Fibroblast kinase 1-3 inhibitor BGJ398 in patients with FGFR1 amplified squamous non-small cell lung cancer treated in a phase I study: Evaluation of tumor tissue and response at a single center

FGFR 1-3抑制剂BGJ398治疗FGFR1扩增的鳞状非小细胞肺癌患者一期临床实验:肿瘤组织和单一中心评估


Abstract & Authors:展开

Background: Fibroblast growth factor receptor 1 (FGFR1) amplification in squamous cell non-small cell lung cancer (sqNSCLC) has been described as potential oncogenic and targetable driver in cell lines and murine models. However, a phase I study evaluating FGFR 1-3 inhibitor BGJ398 showed moderate response rate of 11% in FGFR1amplified sgNSCLC treated with dose ≥ 100mg. To identify underlying mechanisms of resistance, we analyzed tumor tissues of selected patients.

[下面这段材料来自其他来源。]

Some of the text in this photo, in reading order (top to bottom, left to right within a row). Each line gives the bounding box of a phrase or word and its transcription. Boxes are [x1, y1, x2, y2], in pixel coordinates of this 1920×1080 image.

Methods: Within the phase I BGJ398 study, patients (pts) with FGFR1amplified sqNSCLC were treated orally with escalating dose (5 to 150mg) of BGJ398 once daily (QD) or 50mg twice a day. In the expansion phase, pts received BGJ398 either continuously QD or on a 3-weeks on/1-week off schedule. CT scans for response were performed every 8 weeks. Available tumor tissue of pts treated with BGJ398 at our center was analyzed using hybrid capture–based massively parallel sequencing (CAGE).

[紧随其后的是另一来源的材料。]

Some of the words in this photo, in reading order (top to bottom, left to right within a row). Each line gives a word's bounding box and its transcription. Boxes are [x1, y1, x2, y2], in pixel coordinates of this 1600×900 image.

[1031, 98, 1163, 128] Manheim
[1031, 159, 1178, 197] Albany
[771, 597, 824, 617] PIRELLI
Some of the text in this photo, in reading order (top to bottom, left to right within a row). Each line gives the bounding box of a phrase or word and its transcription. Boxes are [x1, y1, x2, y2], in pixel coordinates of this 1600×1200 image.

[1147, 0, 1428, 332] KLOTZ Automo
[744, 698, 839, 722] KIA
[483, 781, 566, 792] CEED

Results: Twenty-one pts with FGFR1 amplified sqNSCLC were treated with ≥ 100mg BGJ398 at our site. As best response, 3 pts showed partial response (PR), 7 pts stable disease (SD) and 7 pts progressive disease (PD). Two pts withdrew their consents and 2 pts died ahead of first CT scan: one due to infection and one due to sudden death. We performed CAGE covering 256 genes on 9 patients: on 3 pts with PR, 2 pts with SD, 2 pts with PD and 2 pts who died before first CT scan. All analyzed patients harbored mutations in TP53. Additionally, we detected two CDKN2A (one patient with PR and one patient who died before first CT) and three MLL2 stop codon and frame shift mutations (two patients with SD and one patient with PD). Of interest, we identified three patients with two canonical (one patient with SD and one patient who died before first CT) and one non-canonical mutations in PIK3CA(one patient with SD).

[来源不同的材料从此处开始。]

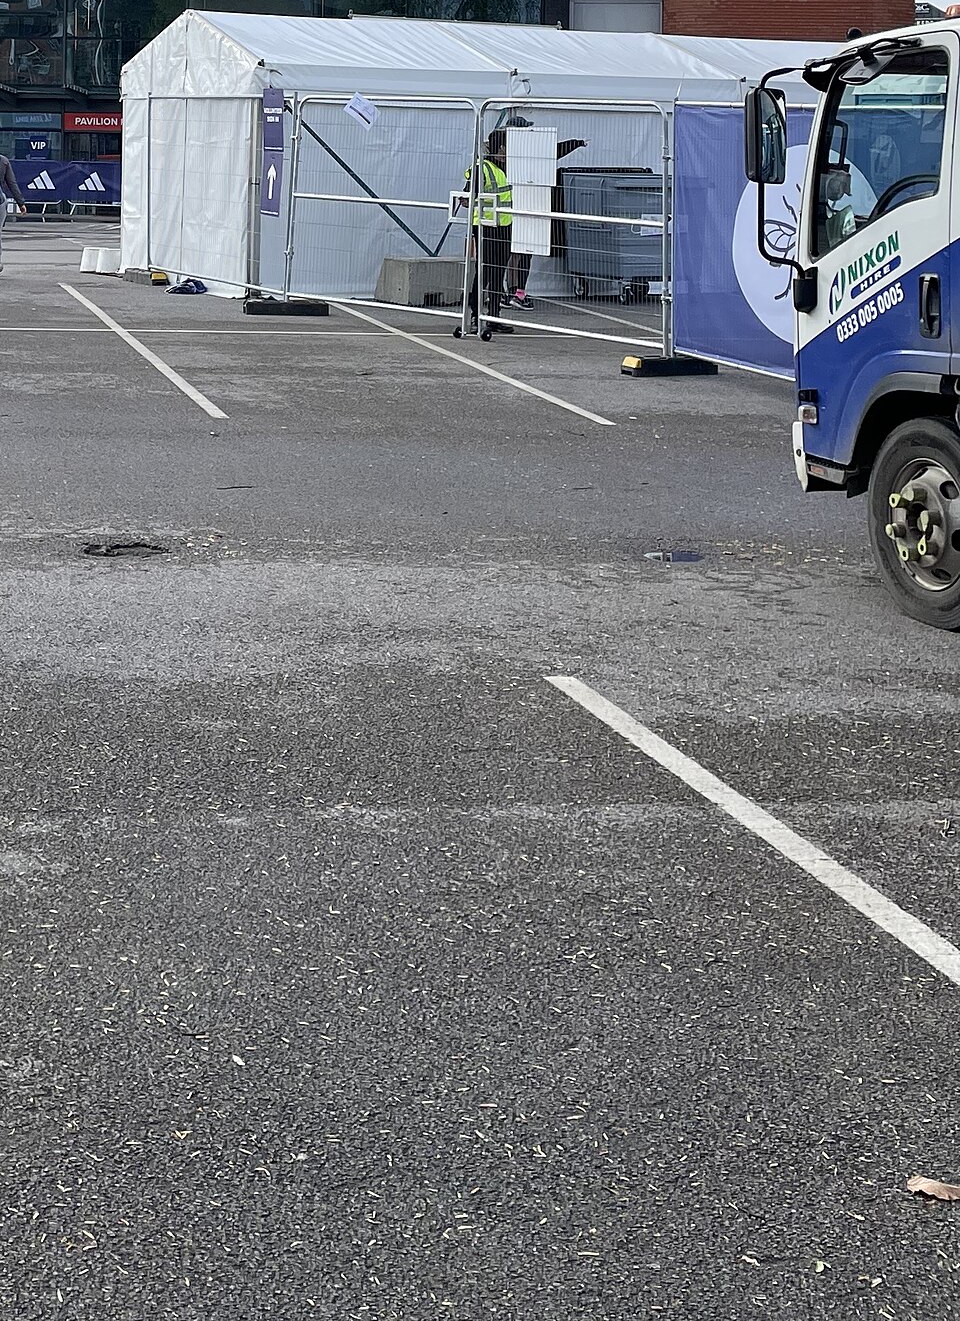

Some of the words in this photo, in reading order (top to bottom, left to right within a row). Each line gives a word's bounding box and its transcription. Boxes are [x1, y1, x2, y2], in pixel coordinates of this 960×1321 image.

Conclusions: In our analysis, MLL2 and PIK3CA mutations seem to have a negative impact on response in FGFR1 amplified pts treated with BGJ398. Further analysis with higher patient number is needed to identify the role of MLL2 and PIK3CA mutations in FGFR1 amplified sqNSCLC.